* Exercise goal: With the pictures left out, output the records below exactly.

* Input:

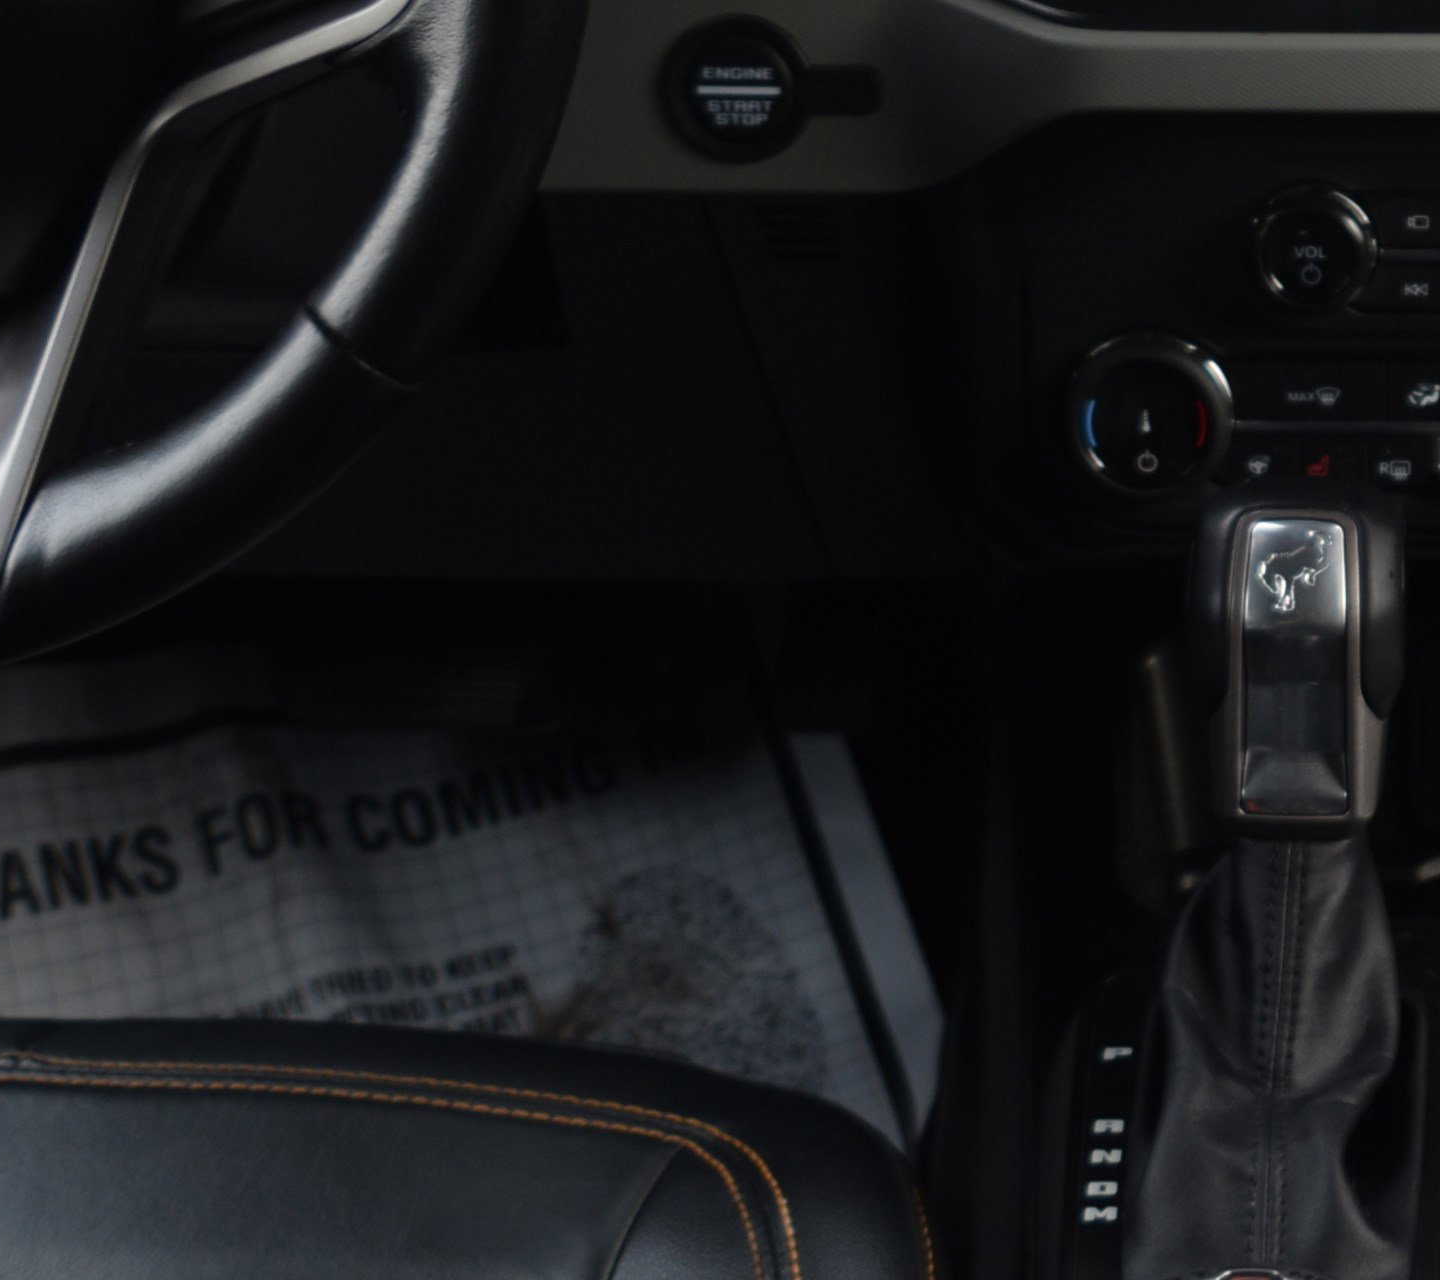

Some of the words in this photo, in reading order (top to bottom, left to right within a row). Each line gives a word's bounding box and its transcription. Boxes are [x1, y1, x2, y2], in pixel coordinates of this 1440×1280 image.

[702, 67, 774, 80] ENGINE
[706, 99, 773, 112] START
[715, 113, 768, 126] STOP
[1294, 245, 1326, 260] VOL
[1287, 392, 1314, 401] MAX
[194, 786, 327, 877] FOR
[344, 736, 620, 854] COMING
[1102, 1046, 1134, 1061] P
[1089, 1148, 1123, 1164] N
[1086, 1180, 1119, 1196] D
[1082, 1206, 1119, 1222] M

* Solution to this problem:
Some of the words in this photo, in reading order (top to bottom, left to right within a row). Each line gives a word's bounding box and its transcription. Boxes are [x1, y1, x2, y2], in pixel coordinates of this 1440×1280 image.

[702, 67, 774, 80] ENGINE
[706, 99, 773, 112] START
[715, 113, 768, 126] STOP
[1294, 245, 1326, 260] VOL
[1287, 392, 1314, 401] MAX
[194, 786, 327, 877] FOR
[344, 736, 620, 854] COMING
[1102, 1046, 1134, 1061] P
[1089, 1148, 1123, 1164] N
[1086, 1180, 1119, 1196] D
[1082, 1206, 1119, 1222] M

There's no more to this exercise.